You can visit the market, have a coffee in one of the cafes that keep popping up all over, try delicious chocolate, go visit the fort, or simply walk around and take it all in. There's also a nice cathedral, and plenty of places to grab a bite.
The market can be a bit overwhelming at first, if you're not used to African markets, and the ladies who sell there are not big fans of being photographed. Approach with care, as you always should, and ask for permission before you start shooting.
The market area is usually a messy noisy place. That should not scare you, people are actually quite nice, as everywhere else on the islands. There's a huge number of fruits and vegetables for sale, some you're not used to seeing, it's quite a thrill to find unusual produce for sale. The area is also where the taxis gather, and the vans pick up people who are looking for a ride to other parts of the island, so you should expect that special kind of chaos.
Places to eat
You can find a lot of places to eat, for all budgets. I would recommend the Omali restaurant as first choice, it's the best place to eat on both islands, home of the world's best chocolate mousse. Nothing comes close.

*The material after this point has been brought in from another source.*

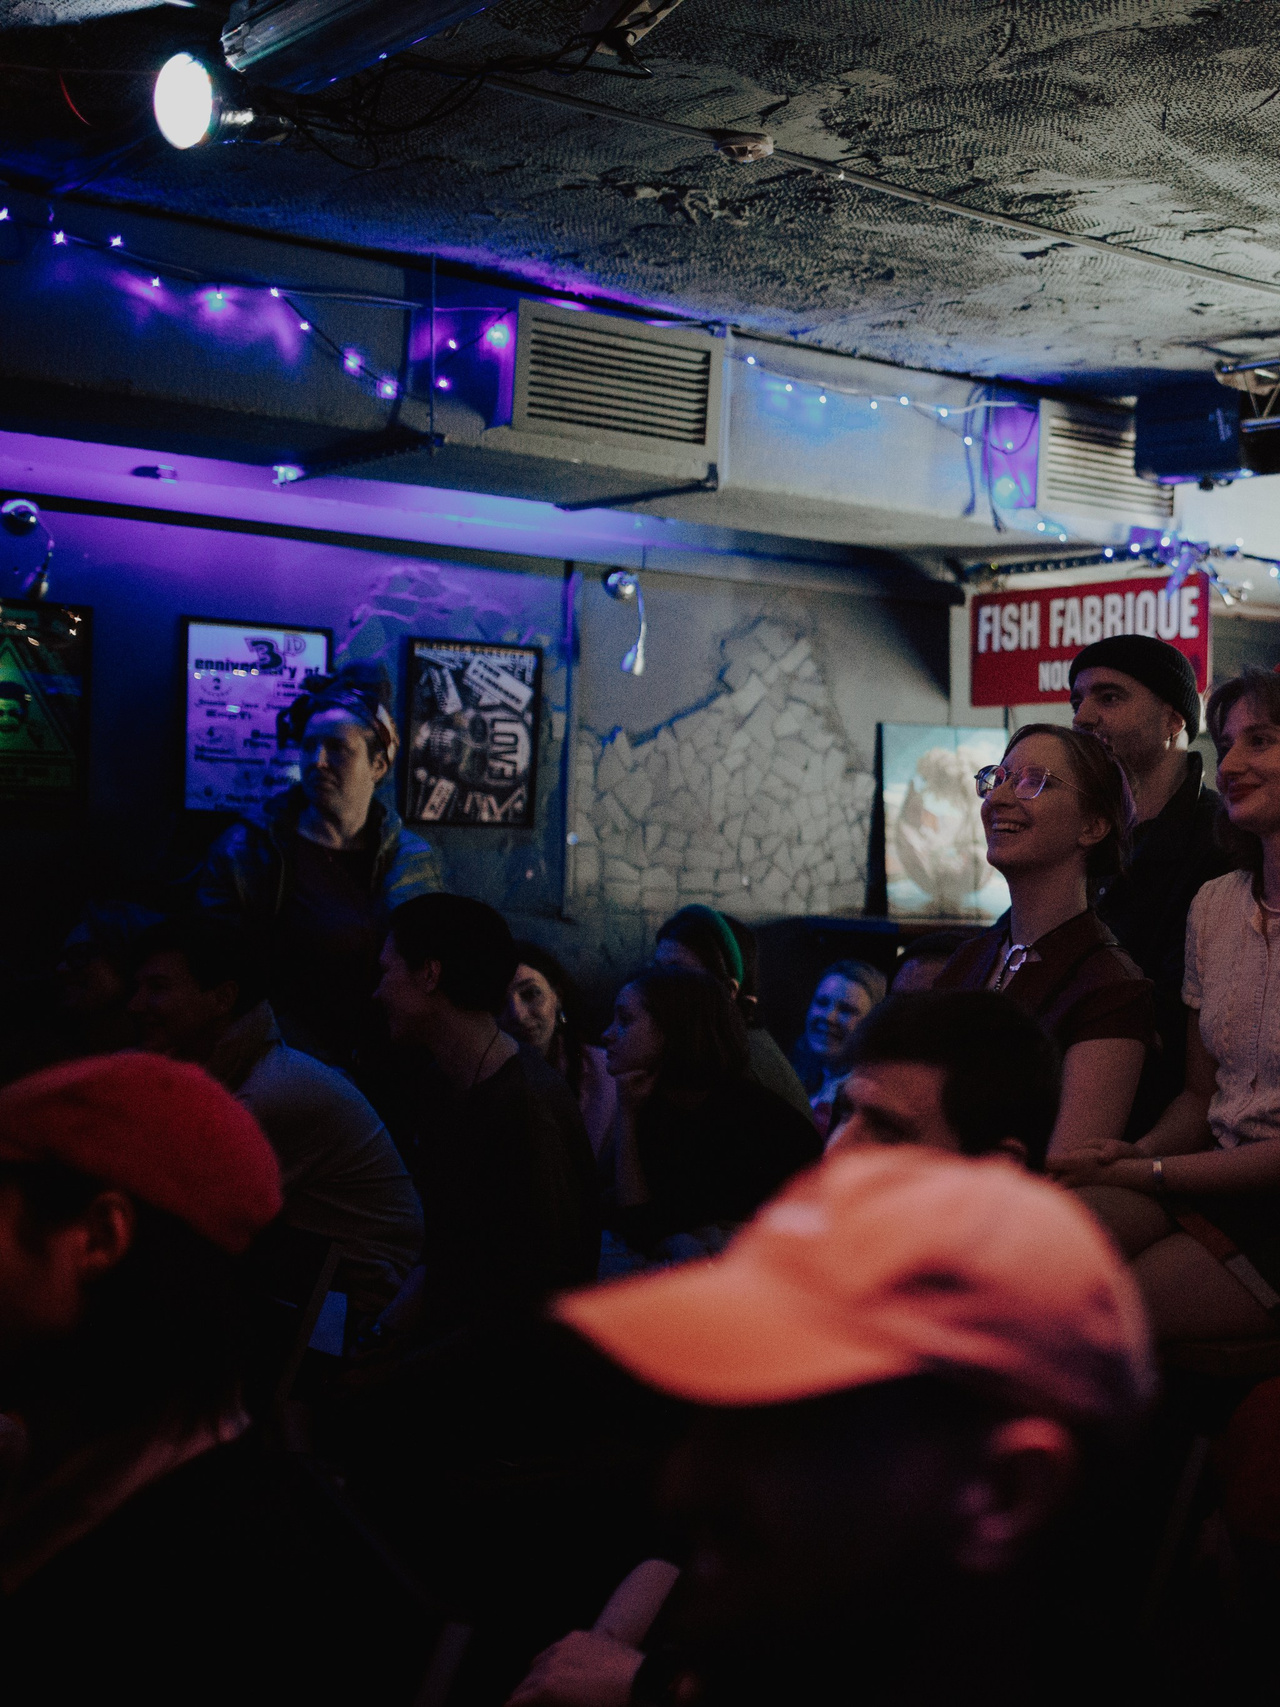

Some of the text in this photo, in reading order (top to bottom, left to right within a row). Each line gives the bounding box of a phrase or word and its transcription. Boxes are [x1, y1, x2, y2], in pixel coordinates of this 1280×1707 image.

[977, 585, 1201, 655] FISH FABRIQUE
[488, 718, 519, 781] LOVE

There are other places for a very good meal, no doubt, but this one is heaven.
Other venues are Teté, amazing fish here, Pico Mocambo, the Parque Nacional with many restaurants, the list goes on...

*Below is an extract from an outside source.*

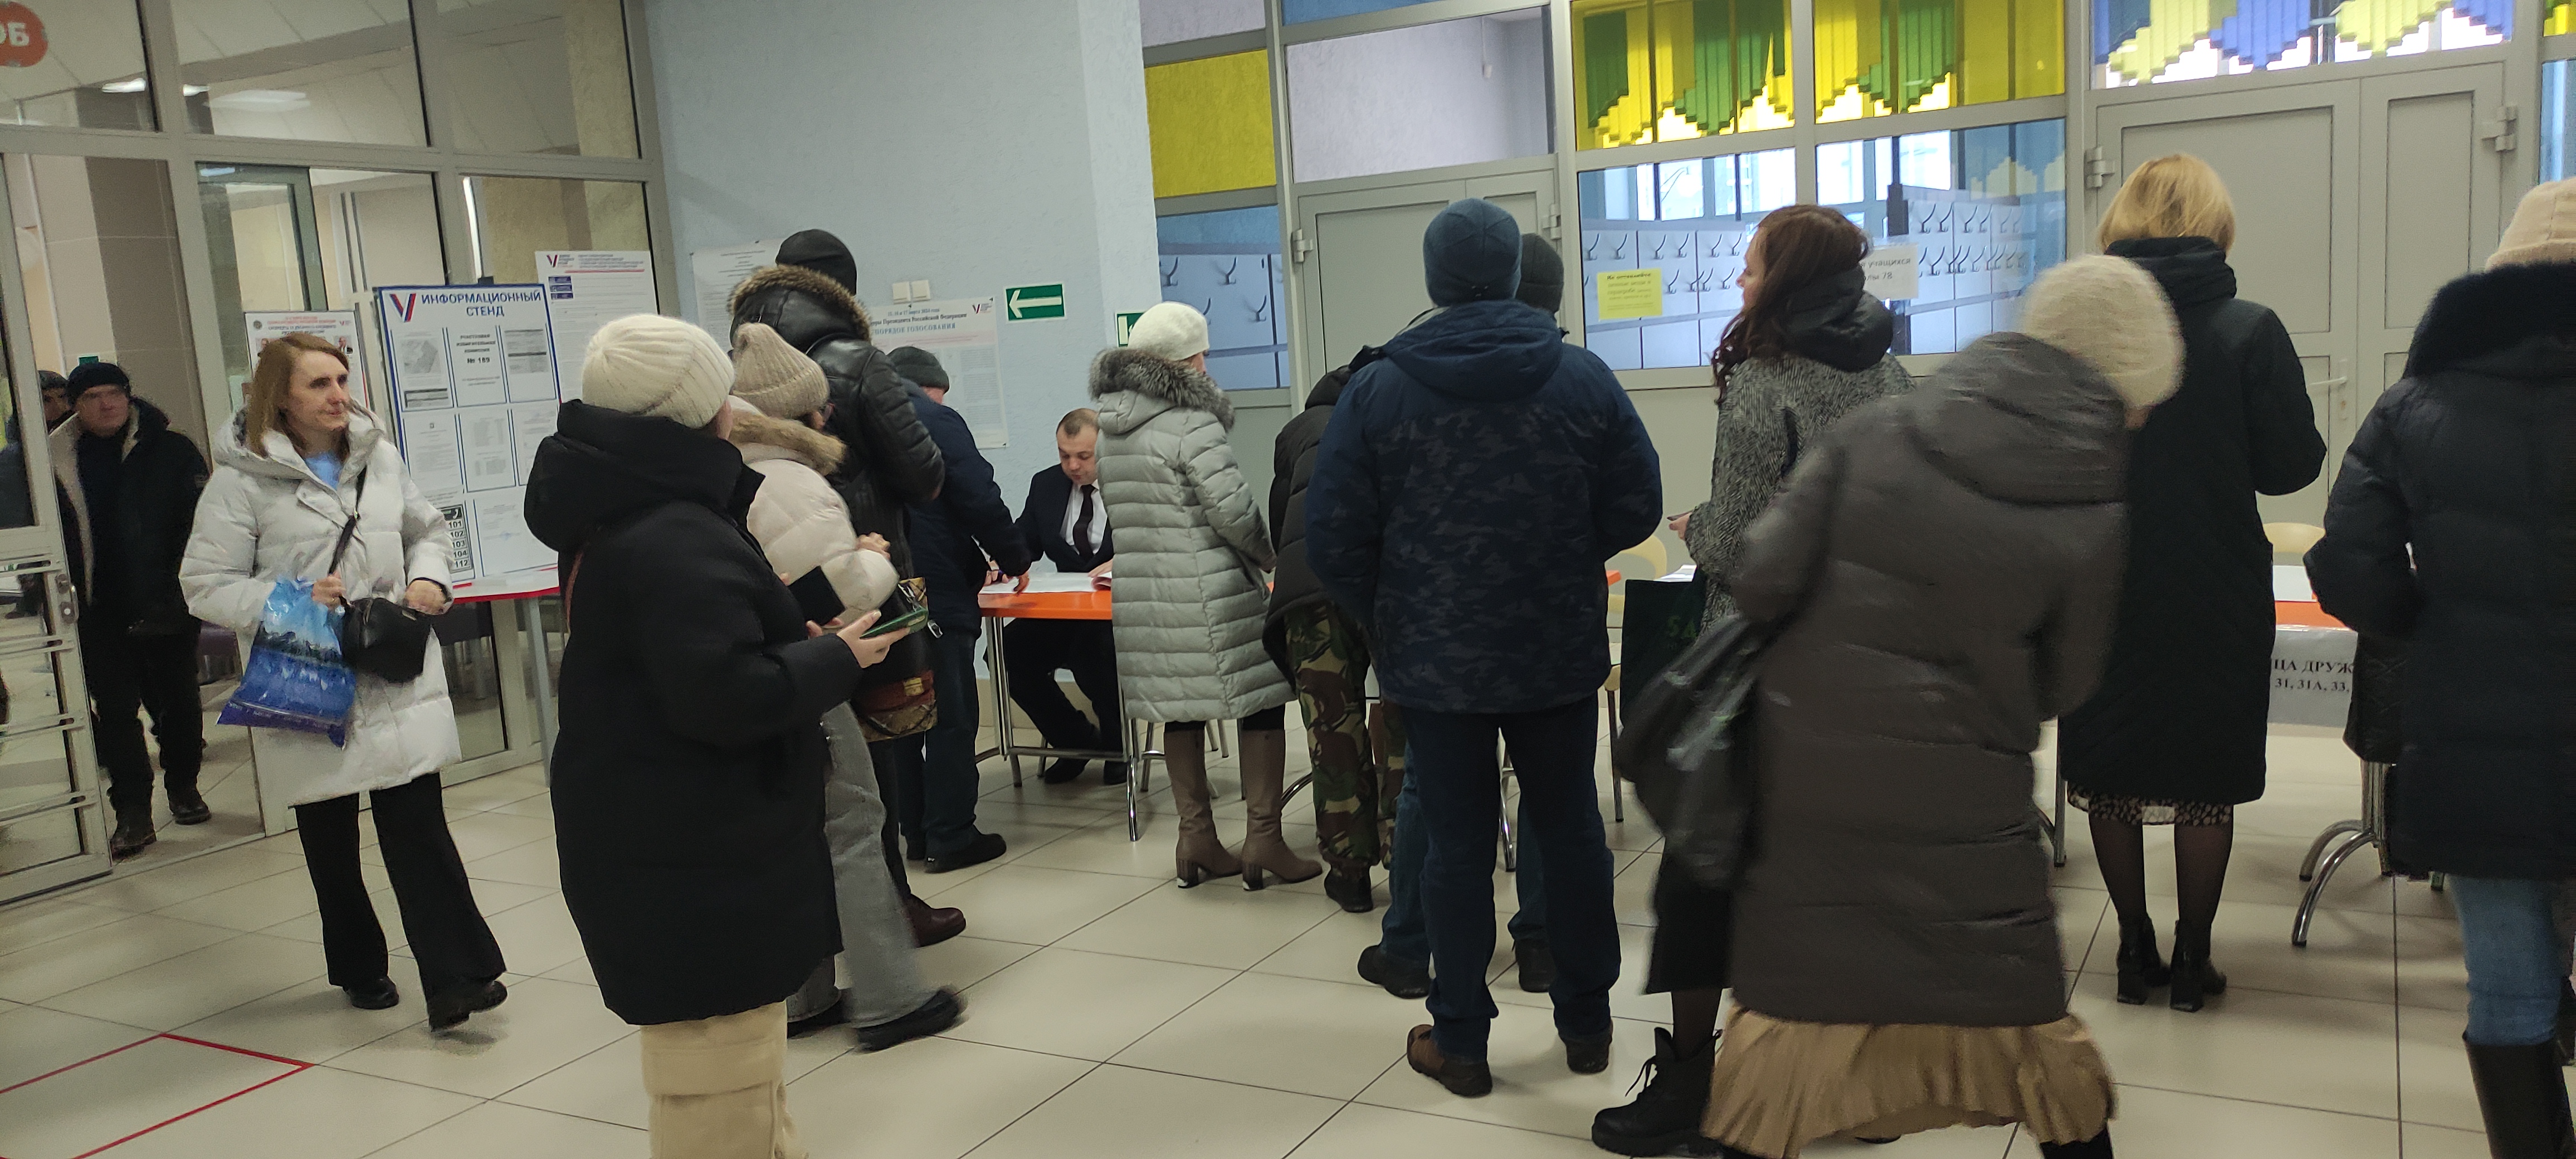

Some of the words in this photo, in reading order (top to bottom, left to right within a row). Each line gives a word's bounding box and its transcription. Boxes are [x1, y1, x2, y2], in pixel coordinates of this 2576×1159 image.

You can, and should, take the time to visit Diogo Vaz, a chocolatier in town.
While we're talking about chocolate, Claudio Corallo also has a factory in town, so maybe add that to your itinerary, and it's guaranteed you'll have fun.
When you feel you've mastered the city it's time to venture outside. That's when the fun begins.
Broadly speaking you can go south and north.
The southern road will take you to Santana, Ribeira Afonso, São João dos Angolares, all the way down to Porto Alegre and Praia Inhame. The landscape is superb, lush green on your right hand side, and the sea on the left, all the way down to the tip of the island.
If you go north you'll find Micoló, Guadalupe, Neves and, finally, Santa Catarina at the end of road. Most of the road will also be close to the sea, but it's a bit drier on land. Still beautiful.
There's actually a third road you can take, inland from the city, and that's the one you should get if you're planning on visiting the coffee museum at Monte Café, or the city of Trindade. You can have lunch at Almada Negreiros old place if you take this route. It's a nice place for a meal, and the view is amazing.
The Southern Road
As soon as you leave the capital you'll be in Pantufo, then Praia Melão, past the Voice of America station. You'll arrive in Santana, a lovely place for your first stop. There's a nice church and, if you're lucky, you'll be able to spot a few surfers on the ocean just in front of it.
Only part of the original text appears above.